When the major shapes were blocked in with just their lightest overall washes, the canyon scene looked something like this—flat shapes awaiting texture and shadows. At this stage it takes faith to believe that the layers to come will provide the illusion of light and substance and space.

Deliberately ignoring the layers that come later is easier if you have a good sense of what they look like on their own. To see right through the darks, for example, it helps to be able to recognize them as a pattern apart from the lighter forms. Try picturing the darkest darks from the photo on
this page
as a separate image. It helps to squint.

Once you’ve visualized the darkest darks in the color photo, check the image in your mind’s eye against the image on
this page
. Without the light- and mid-value forms, the darkest layer would look like this. Are there any surprises? If the layers of the original
photograph were printed on transparencies, this layer, the darkest darks, could literally be peeled back to reveal the middle values and lights beneath. Instead, when we look at the photo or the actual scene, we do the peeling mentally.
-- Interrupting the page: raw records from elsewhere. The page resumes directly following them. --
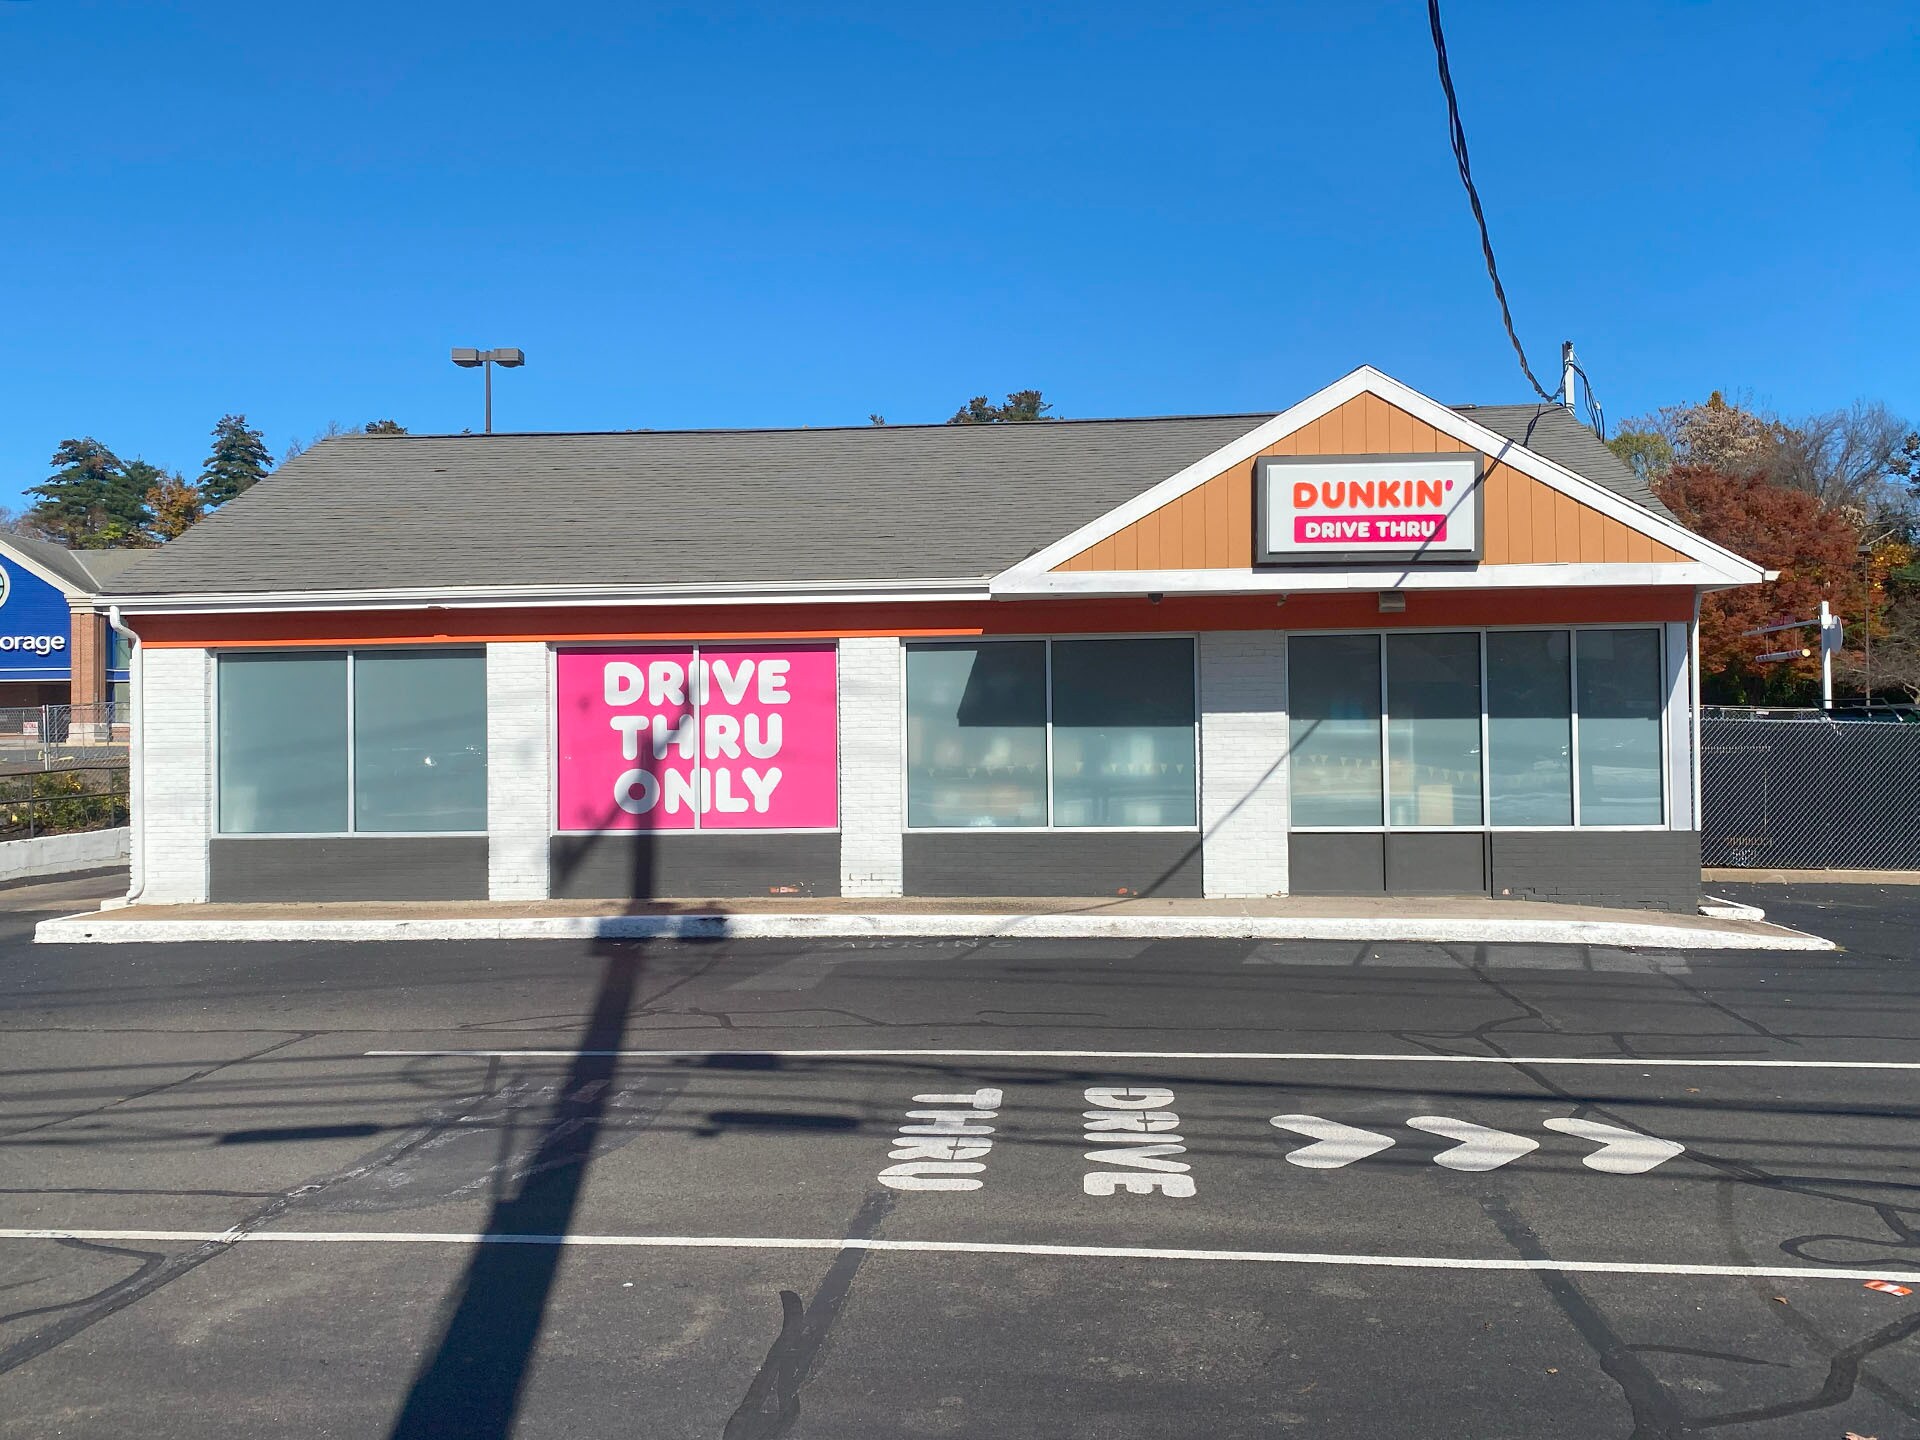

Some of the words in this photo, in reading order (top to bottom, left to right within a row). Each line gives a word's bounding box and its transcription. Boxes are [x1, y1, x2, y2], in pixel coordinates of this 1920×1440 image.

[1293, 479, 1453, 509] DUNKIN'
[1305, 521, 1371, 539] DRIVE
[1376, 520, 1436, 538] THRU
[604, 659, 791, 706] DRIVE
[610, 713, 783, 761] THRU
[613, 767, 783, 814] ONLY
[877, 1087, 1003, 1191] THRU
[1082, 1087, 1197, 1198] DRIVE
Identify the darkest darks.
Staring at the top of this photograph of Callejón, Oaxaca, the wires would all be part of the darkest layer, along with the vertical poles, the eaves and windows of the buildings on the left, the cast shadows of those buildings, the underside of the purple bougainvillea … What else?

JAMES MICHAEL,
WINTER DUNES,
2008
WATERCOLOR ON PAPER
22 × 48 INCHES (56 × 122 CM)

Working backward, imagine the scene without the darkest darks (the conifer), then with the medium darks removed (beach grass in shadow), then the dark mid-values (footprints), and finally the lighter mid-values (sunlit grass and cast shadows on snow), until nothing is left but white paper.
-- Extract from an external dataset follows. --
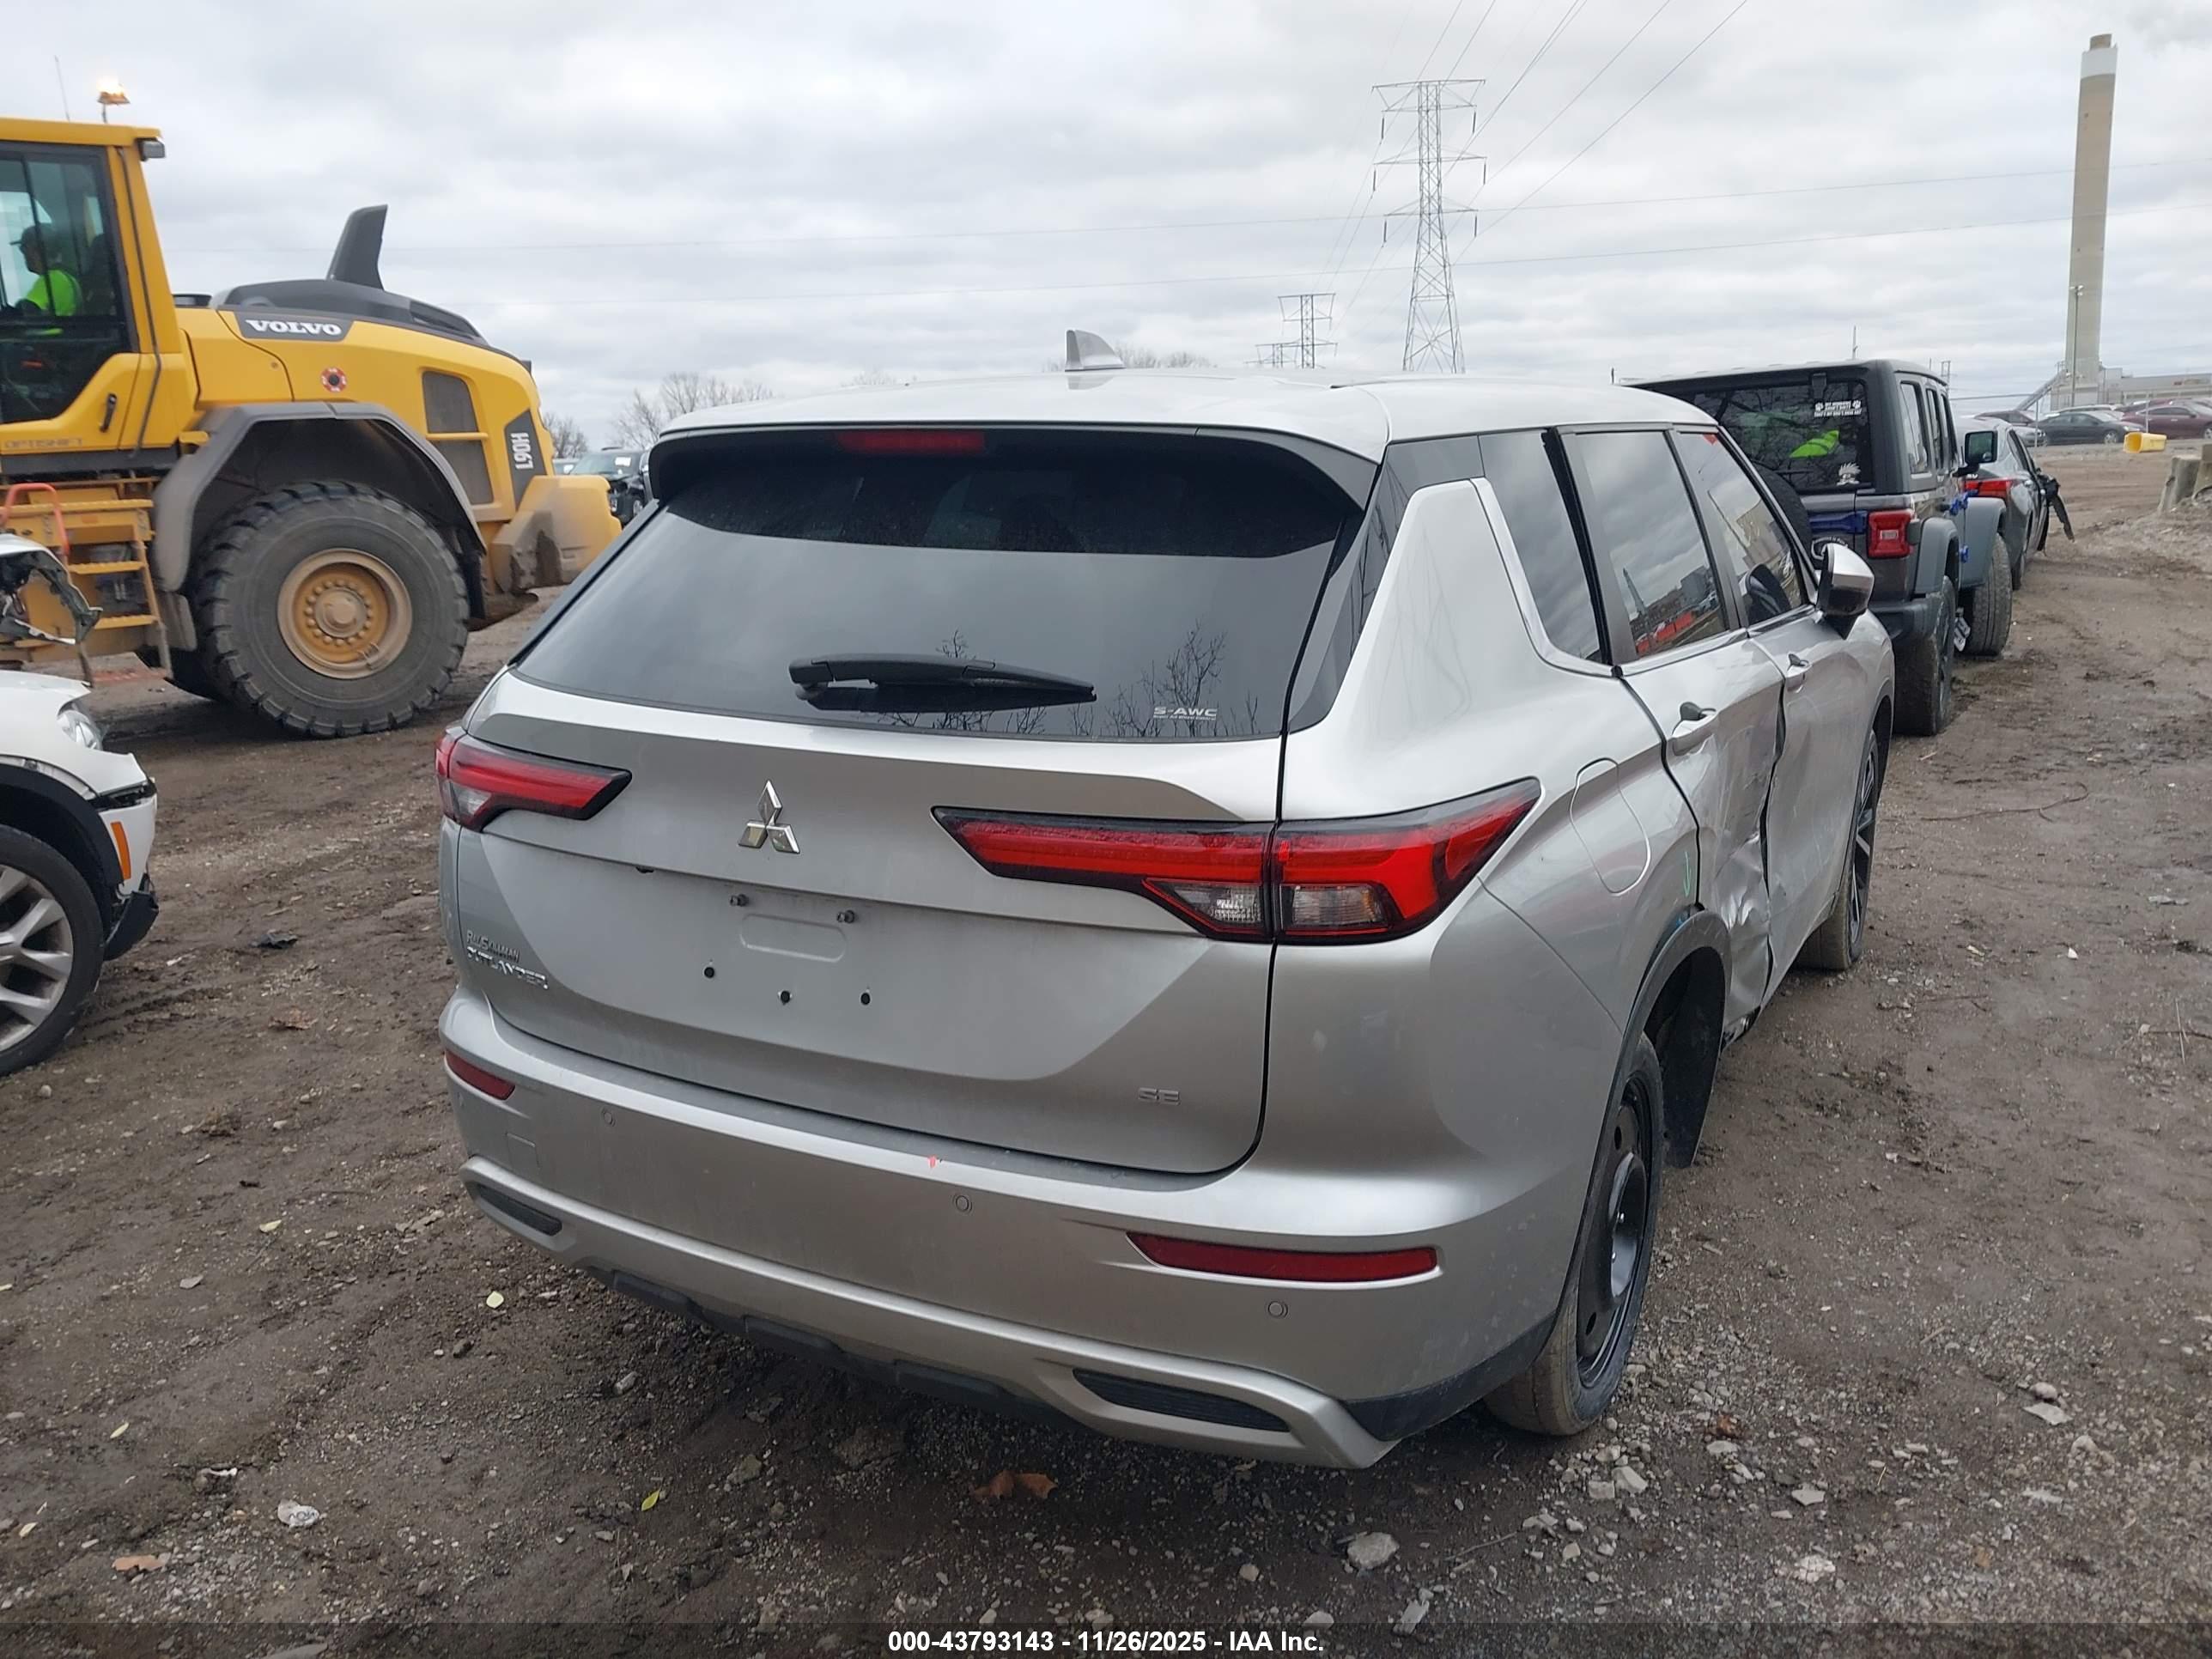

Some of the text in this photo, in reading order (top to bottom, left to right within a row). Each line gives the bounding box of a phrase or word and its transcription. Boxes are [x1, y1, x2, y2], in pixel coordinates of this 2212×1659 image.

[245, 319, 342, 336] VOLVO
[510, 432, 533, 469] L90H
[1153, 706, 1218, 717] S-AWC
[1138, 1086, 1180, 1106] SE
Visualize the darkest darks in isolation.
Exaggerating the contrast of the photograph of Callejón, Oaxaca, isolates the darkest darks. When subtle values are rounded up or down only black and white remain.

Apply the light and mid-values.
I have deliberately painted “outside the lines” to see if it’s true that the darks have enough narrative clarity to make sense of this mess. If it works, it means that when I’m laying down the first two
layers, I need not be distracted by detail, and all of my attention can be devoted to simply making gorgeous, juicy paint.
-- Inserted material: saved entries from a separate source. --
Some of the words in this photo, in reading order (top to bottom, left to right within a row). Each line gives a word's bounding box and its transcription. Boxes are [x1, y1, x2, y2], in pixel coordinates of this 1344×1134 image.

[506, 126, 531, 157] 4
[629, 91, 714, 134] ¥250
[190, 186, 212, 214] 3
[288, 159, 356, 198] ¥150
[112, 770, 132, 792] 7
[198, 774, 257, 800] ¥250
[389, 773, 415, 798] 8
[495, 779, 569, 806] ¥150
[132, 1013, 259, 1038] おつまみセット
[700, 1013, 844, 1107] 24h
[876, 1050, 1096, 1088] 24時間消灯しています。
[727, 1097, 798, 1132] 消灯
Apply the darks, carefully.
This is a good example of the benefit of asking:
What needs to be true in the finished painting?
Being a little careful with the darks allowed me to be carefree with everything else.

TOM HOFFMANN,
Callejón, Oaxaca,
2011
WATERCOLOR ON ARCHES COLD PRESS PAPER
11 × 11 INCHES (28 × 28 CM)

E
VALUATING THE
L
AYERS

How much care does each layer require?
With a high-contrast image like
Callejón, Oaxaca,
when we see the darks separated from the other values, it is clear that they do most of the work of establishing the illusion of reality. The cast shadows reveal the strong light, while the obvious perspective of the buildings defines a clear feeling of space. Recognizing this early on can be truly liberating. If we can depend on the darks to pull the whole picture together, the lights and mid-values can be applied very casually.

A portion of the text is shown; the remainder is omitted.